孤独な老人は生きる上で何を求めているのか?

私が出勤時に使う相鉄線の駅前にローゼンというスーパーマーケットがある。その横には、駐車場への入口がある。毎朝、交通整理の警備員が1名から2名でその入口で交通整理をしている。入り口が駅へ行くための歩道に面しているため私のような通勤者が多く通るからだ。今日、珍しく警備員が80歳過ぎの老人と会話をしていた。話をしている内容は分からないが、老人は話をしたくてしょうがない様子であった。

警備員は、交通整理の仕事をしながら老人の会話相手をしているのだが仕事に集中できない素振りだ。老人は、警備員の状況を考慮せずに一方的に話し続けていた。警備員は、丁寧に老人のお相手をしている。言葉遣いも丁寧で失礼が無いような返答をしていた。警備員にとっては、話しかけてくれる人もお客様の一人であるという感じなのだろう。

80歳過ぎの老人は何故に警備員に話しかけていたのだろうか?

毎日誰も話をする人が居ない老人たち

普通の家庭生活をしている私達にとって会話をする相手(話し相手)を探すという行為は意識することがない。意識しなくても1日の中で誰かと会話しているからだ。会社員ならば、同僚や上司。学生ならば同級生。主婦ならば、ママ友達だ。いつも、会話をする相手を探すこと無くお喋りが出来ている。それが当たり前である。

80歳過ぎの老人にとっては、当たり前の事が当たり前でなくなる現実(話し相手が見つからないという現実)がある!

今日見かけた80歳過ぎの男性は、毎朝、ローゼンで食材を買って自宅に帰る生活をしている。足を鍛えるために毎朝ローゼンのスーパーまで買い出しに来ている。奥さんは他界したのだろう。いつも、一人で買い出しだ。人恋しさで毎朝スーパーにやってくるのかもしれない。警備員に話しかけていたのも誰かと会話をしたいという欲求がそうさせたのかもしれない。孤独な老人なのだろう。

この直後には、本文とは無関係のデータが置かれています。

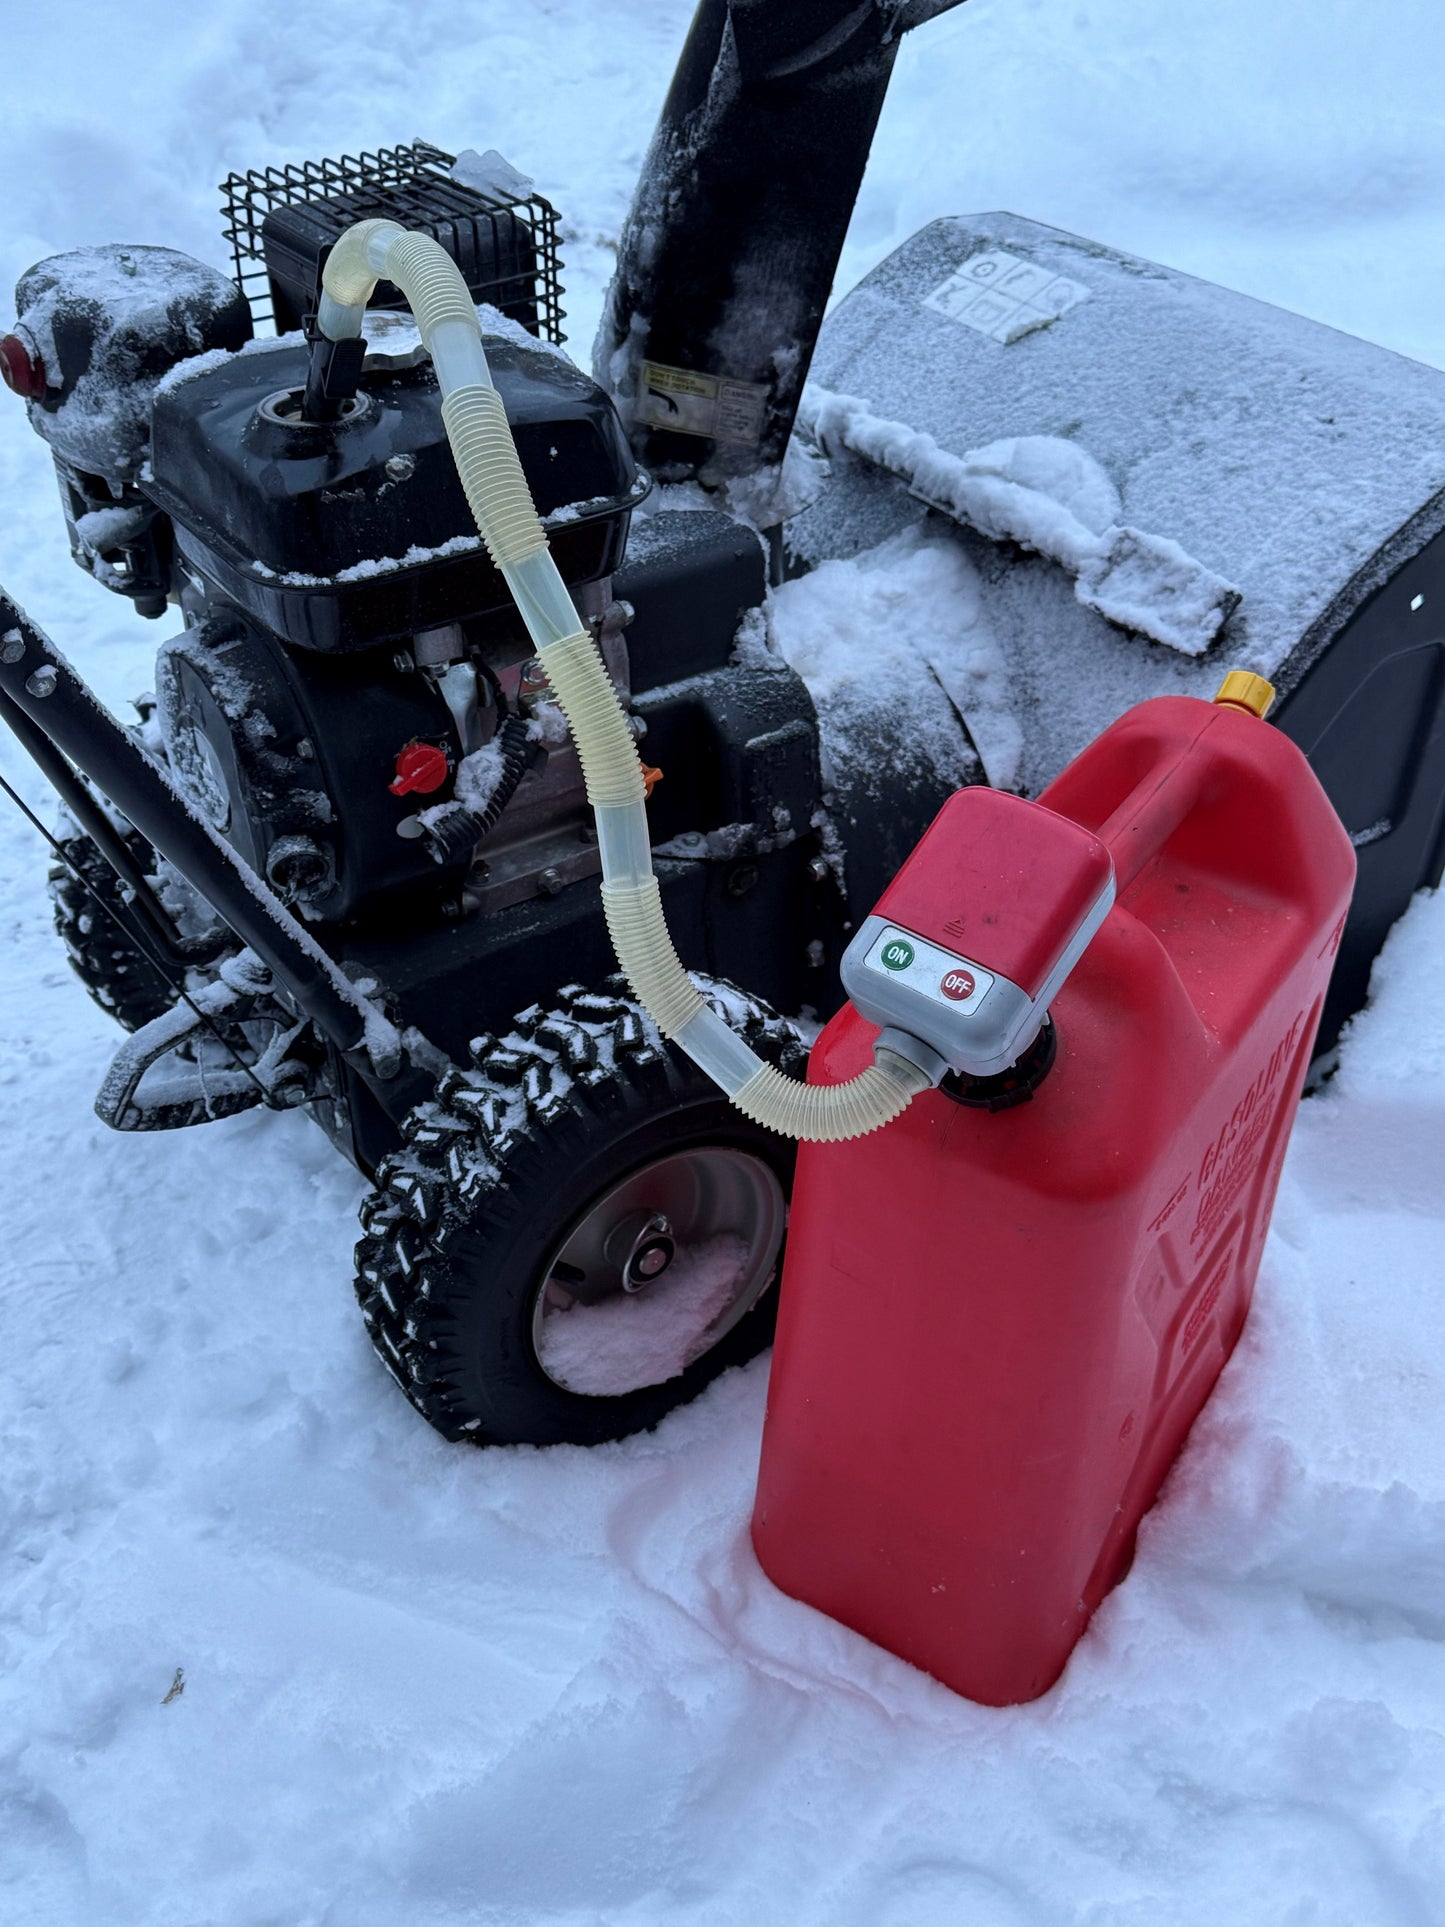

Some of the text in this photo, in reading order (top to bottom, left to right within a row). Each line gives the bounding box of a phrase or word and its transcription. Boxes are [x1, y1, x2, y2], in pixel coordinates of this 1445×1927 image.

80歳過ぎの老人が一人で生活をしているとしたならば、社会から隔離されたような生活かもしれない。自分で仲間を求めて何らかの活動をしていないと一人ぼっちの生活になる。まさに、孤独の老人である。

80歳を過ぎて新しい友達を作るのは簡單なのだろうか。女性と男性では、友達作りの面で相当の違いがあると私は思っている。

女性はお喋りをしないと生きていけないという本能があるためか、直ぐに隣りにいる老人と話が始まる。男性は、なかなか最初の言葉が切り出せないで黙っている場合が多い。隣の相手が何か話しかけてくれるのを待っている。そんな場面が、老人ホームでよく見かける。

この老人男性は、いつも見かける警備員に親しみを持っていたのかもしれない。警備員もいつも見かける老人である事に気が付いていたのかもしれない。そのため、話しかけを快く受けていたのだろう。ちょっとした朝の風景だが、自分が年寄りになるに連れて老人の心理を想像できるようになってくる

今思うのだが、定年退職後に老後の遊び仲間をできるだけ多く作っておくことだろう。それも近所に遊び仲間を作ることだ。私が住む大規模集合住宅では、シニアの人たちが中心になって「シニア会」なるものを作り定期的に活動をしている。マイクロバスをチャーターして日帰りの旅行を計画したり、ビール工場に見学に行ったり、近くの公園で桜の花見会を開いたりしている。

私も65歳を過ぎたら、「シニア会」に参加しようと考えている。今は、仕事があるので仕事で老後の生計を立てる必要がある。毎日、暇にしていられない。

でも、

遊び仲間が80歳になっても近くにいる、いないだけでも老後の生活に相当の違いがある。遊び仲間は、自分を孤独と孤立から守ってくれるからだ。老人の恐怖は、自分の存在が社会から忘れ去られることではないか。まだ、生きているのに誰もその存在を認めてくれない。そんな印象を老人に植え付ける。孤独な老人は話し相手を求めている。